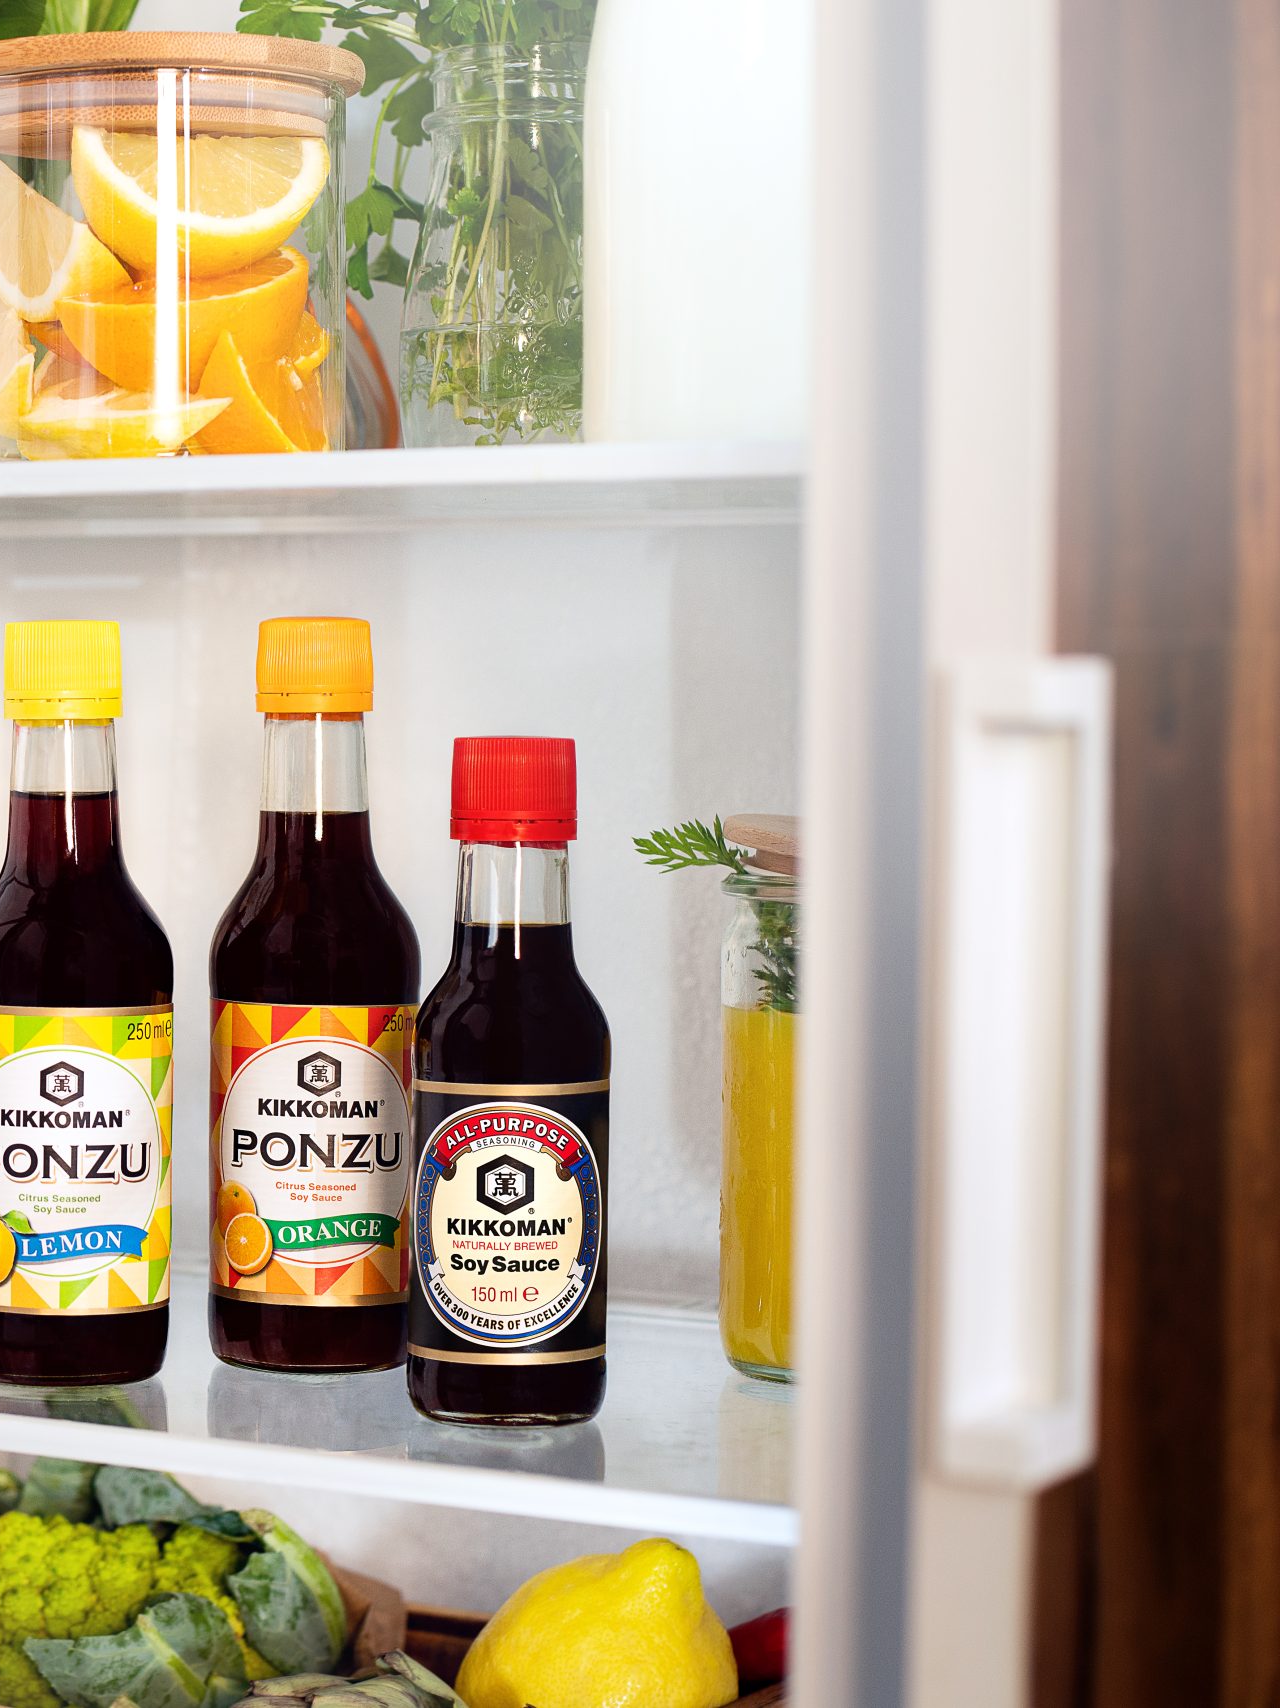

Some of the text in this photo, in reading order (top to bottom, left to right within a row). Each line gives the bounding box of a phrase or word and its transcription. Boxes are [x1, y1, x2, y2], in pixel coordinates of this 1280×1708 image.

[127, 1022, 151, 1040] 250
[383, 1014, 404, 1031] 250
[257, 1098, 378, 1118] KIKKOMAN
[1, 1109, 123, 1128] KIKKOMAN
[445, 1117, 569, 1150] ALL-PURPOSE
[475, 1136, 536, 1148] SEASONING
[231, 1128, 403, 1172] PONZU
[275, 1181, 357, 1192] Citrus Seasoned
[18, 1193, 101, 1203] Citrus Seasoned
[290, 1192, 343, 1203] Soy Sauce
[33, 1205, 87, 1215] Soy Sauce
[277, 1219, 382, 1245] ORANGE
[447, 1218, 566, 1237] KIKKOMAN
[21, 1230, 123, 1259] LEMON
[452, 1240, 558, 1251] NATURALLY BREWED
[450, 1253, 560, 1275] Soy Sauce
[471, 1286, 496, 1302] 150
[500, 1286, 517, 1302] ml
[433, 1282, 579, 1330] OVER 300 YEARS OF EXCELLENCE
+===+
Exercise details :: If an entry above holds a picture, omit the picture but retype everything else exactly.

Exercise answer ::
Some of the text in this photo, in reading order (top to bottom, left to right within a row). Each line gives the bounding box of a phrase or word and its transcription. Boxes are [x1, y1, x2, y2], in pixel coordinates of this 1280×1708 image.

[127, 1022, 151, 1040] 250
[383, 1014, 404, 1031] 250
[257, 1098, 378, 1118] KIKKOMAN
[1, 1109, 123, 1128] KIKKOMAN
[445, 1117, 569, 1150] ALL-PURPOSE
[475, 1136, 536, 1148] SEASONING
[231, 1128, 403, 1172] PONZU
[275, 1181, 357, 1192] Citrus Seasoned
[18, 1193, 101, 1203] Citrus Seasoned
[290, 1192, 343, 1203] Soy Sauce
[33, 1205, 87, 1215] Soy Sauce
[277, 1219, 382, 1245] ORANGE
[447, 1218, 566, 1237] KIKKOMAN
[21, 1230, 123, 1259] LEMON
[452, 1240, 558, 1251] NATURALLY BREWED
[450, 1253, 560, 1275] Soy Sauce
[471, 1286, 496, 1302] 150
[500, 1286, 517, 1302] ml
[433, 1282, 579, 1330] OVER 300 YEARS OF EXCELLENCE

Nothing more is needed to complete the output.